You’ve heard by now that Charles Woodson is a Packer no more. The move, while not unexpected, was still somewhat surprising in the way it developed, announced first, apparently, by Woodson’s wine company on Twitter.
Woodson’s 2013 price tag ($6.5 million base salary, $2.5 million roster bonus, $1 million for playing all 16 games) and slipping play ultimately facilitated his departure, but that’s beside the point. We knew this moment was coming, and now it’s finally arrived.
The Woodson signing stands as a watershed moment in the Ted Thompson/Mike McCarthy era in Green Bay. Thompson’s free agent frugality is well known, and the seven year, $52 million dollar deal he doled out to Mr. Woodson is by far the most he’s spent on any single player. The returns were incredible, though: four Pro-Bowl berths, three All-Pro selections, a Defensive Player of the Year Award, and, of course, a Super Bowl.
A very unique set of circumstances brought Woodson to Green Bay. After an injury-plagued and often contentious stint in Oakland, only the Packers and the Tampa Bay Buccaneers were willing to talk with him, and in the end, only the Packers offered a contract. If that’s the standard for signing a player, it’s understandable that Thompson might be slow to bring in another free agent.
But with the release of Woodson and the retirement of center Jeff Saturday, the Packers’ roster currently features just one player acquired as an unrestricted free agent: defensive lineman Ryan Pickett. Aside from that, it’s all draft picks, waiver signings, and undrafted free agents. And while Thompson’s strategy has paid dividends (a Super Bowl and an NFC Championship appearance), the NFL is an adapt-or-die business, and thus every strategy should be open to changes and alterations.
That leads us to this offseason, where Green Bay facing question marks at a number of positions.
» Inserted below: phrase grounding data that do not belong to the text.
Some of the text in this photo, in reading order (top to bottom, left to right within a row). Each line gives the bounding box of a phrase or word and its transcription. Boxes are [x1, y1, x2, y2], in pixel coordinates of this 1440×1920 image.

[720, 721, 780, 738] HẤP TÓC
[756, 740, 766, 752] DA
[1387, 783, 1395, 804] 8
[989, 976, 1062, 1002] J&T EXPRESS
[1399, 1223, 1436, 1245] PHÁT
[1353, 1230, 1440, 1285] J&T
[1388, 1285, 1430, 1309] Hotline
Though they possess a talented, deep roster already, the Packers could use help at linebacker and along the offensive and defensive lines. Obviously the Packers wouldn’t want to overspend just to shore up some of those issues, but assuming a deal could be had there could be options for growth in at least one of those position groups.
For instance, this year seems to be a strong one for offensive line prospects, and as luck would have it, there’s also a potential influx of free agent tackles in the works. ProFootballTalk.com pointed out recently that the combination of a strong draft and an abundance of free agents could drive the asking price for any free agent offensive lineman down significantly.
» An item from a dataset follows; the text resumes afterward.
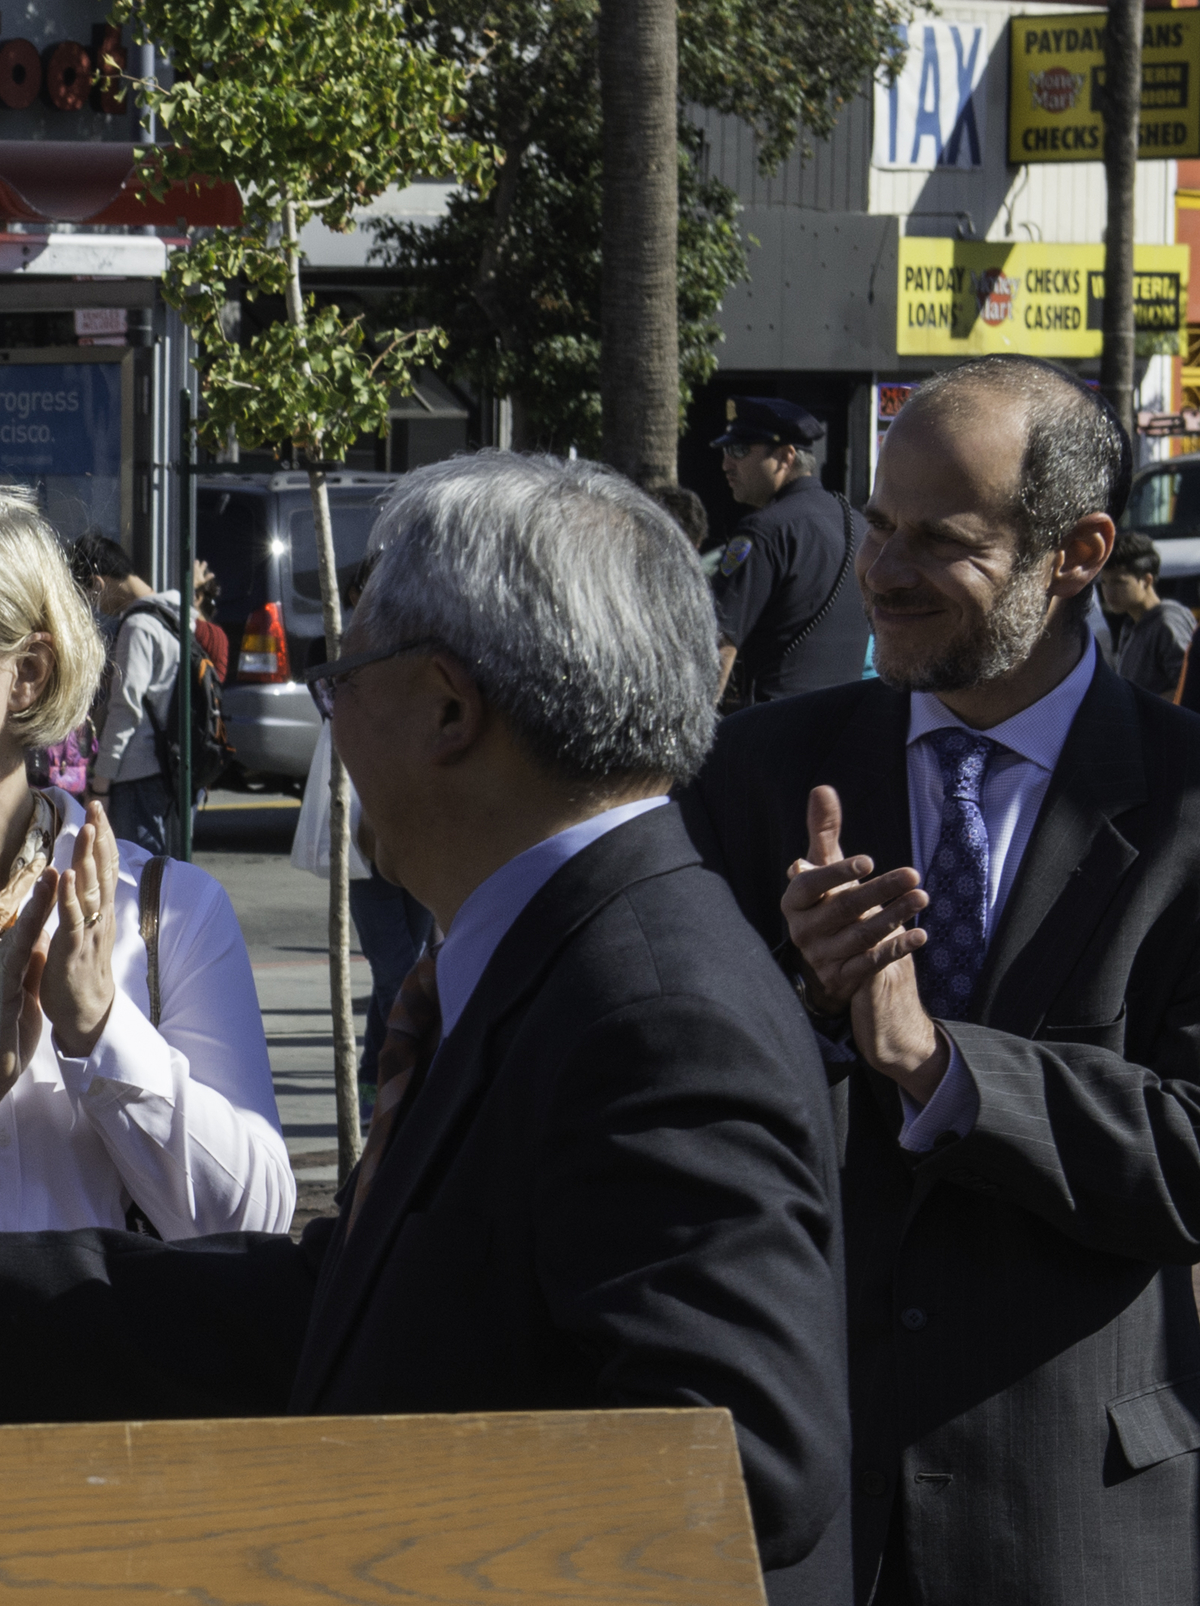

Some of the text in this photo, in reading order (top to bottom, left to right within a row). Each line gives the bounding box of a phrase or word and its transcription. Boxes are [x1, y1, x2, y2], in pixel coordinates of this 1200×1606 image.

The PFT article notes there could be as many as a dozen tackles with significant starting experience on the market in the near future, including former first round picks like Jake Long and Brandon Albert. While those two may be out of Green Bay’s price range given the impending contract negotiations with Aaron Rodgers, Clay Matthews, and B.J. Raji, a second tier tackle might still be an upgrade over someone already on the roster. Could this confluence of free agents and a strong draft be another unique set of circumstances that brings a free agent to the Packers?
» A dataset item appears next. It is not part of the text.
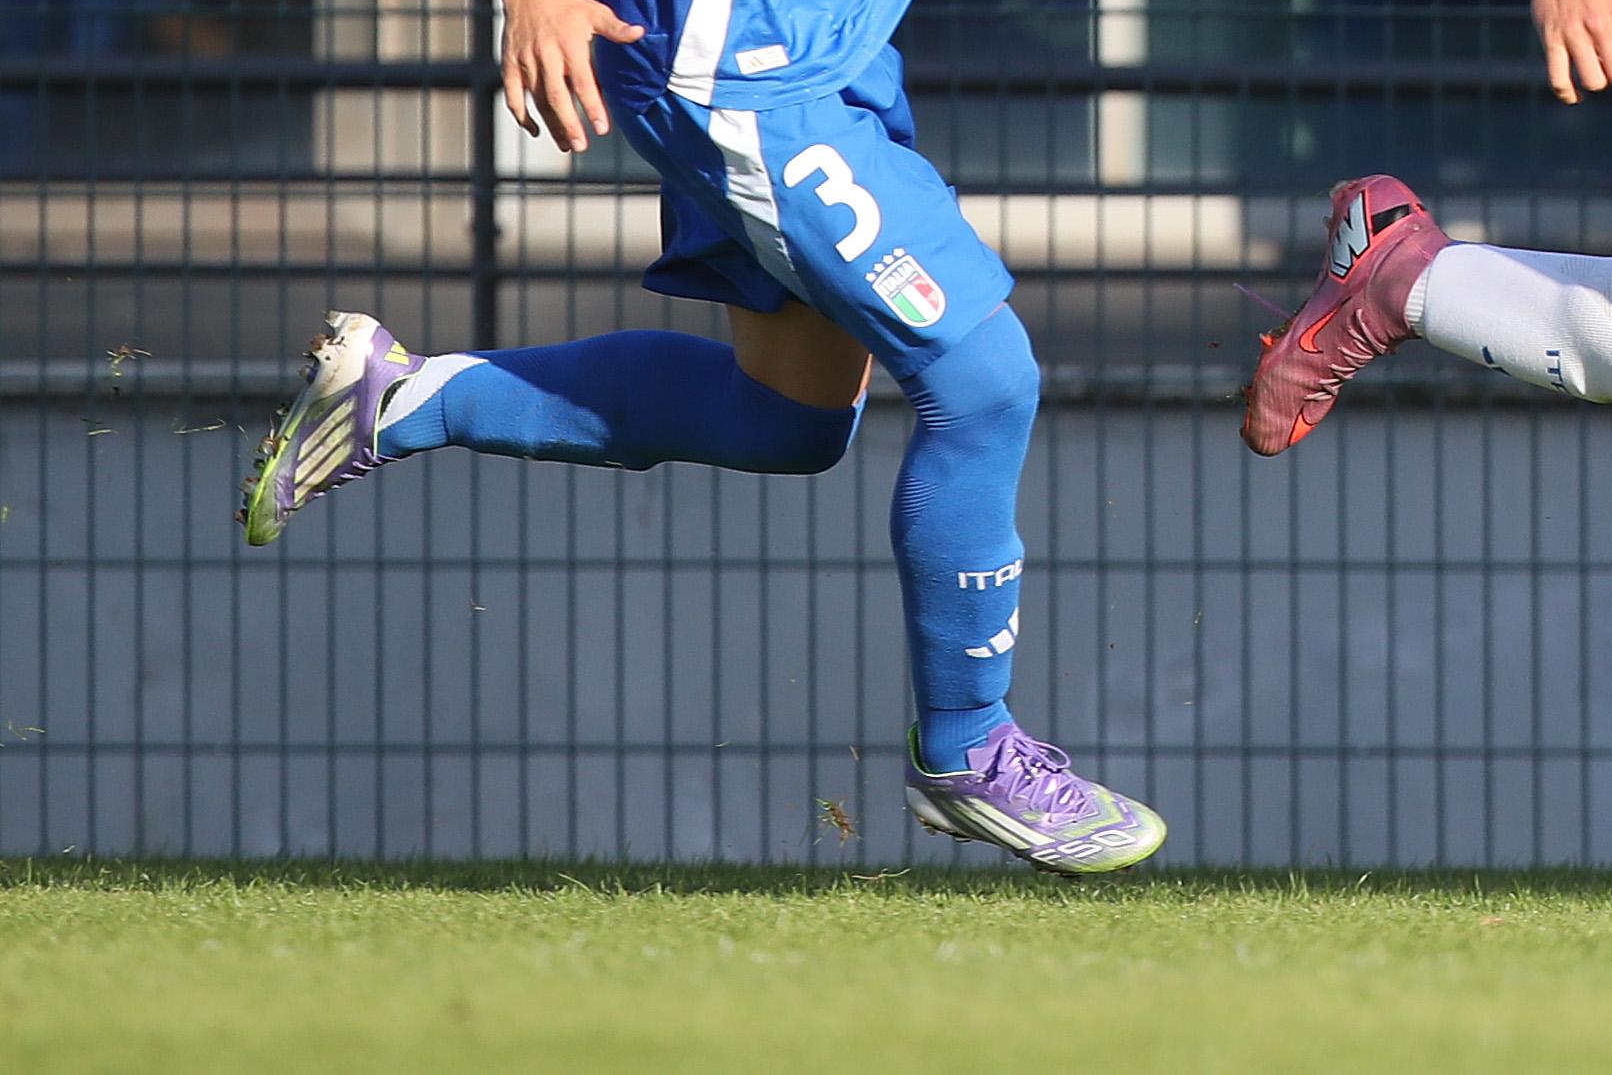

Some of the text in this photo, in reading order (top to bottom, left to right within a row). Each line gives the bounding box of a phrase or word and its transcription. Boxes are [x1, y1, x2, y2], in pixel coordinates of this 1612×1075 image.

[783, 143, 882, 263] 3
[878, 261, 916, 296] ITALIA
[1030, 829, 1137, 866] F50
Again, big free agent pickups are historically rare in Green Bay, but that doesn’t mean they can’t happen. Thompson and Co. may be slow to pull the trigger, but that doesn’t mean it can’t happen. After all, few thought the Packers would be the team that finally brought in Charles Woodson, and that ended up being a franchise altering decision. Though the top of the crop of free agent tackles might be financially out of reach, a solid tackle could be a good pickup.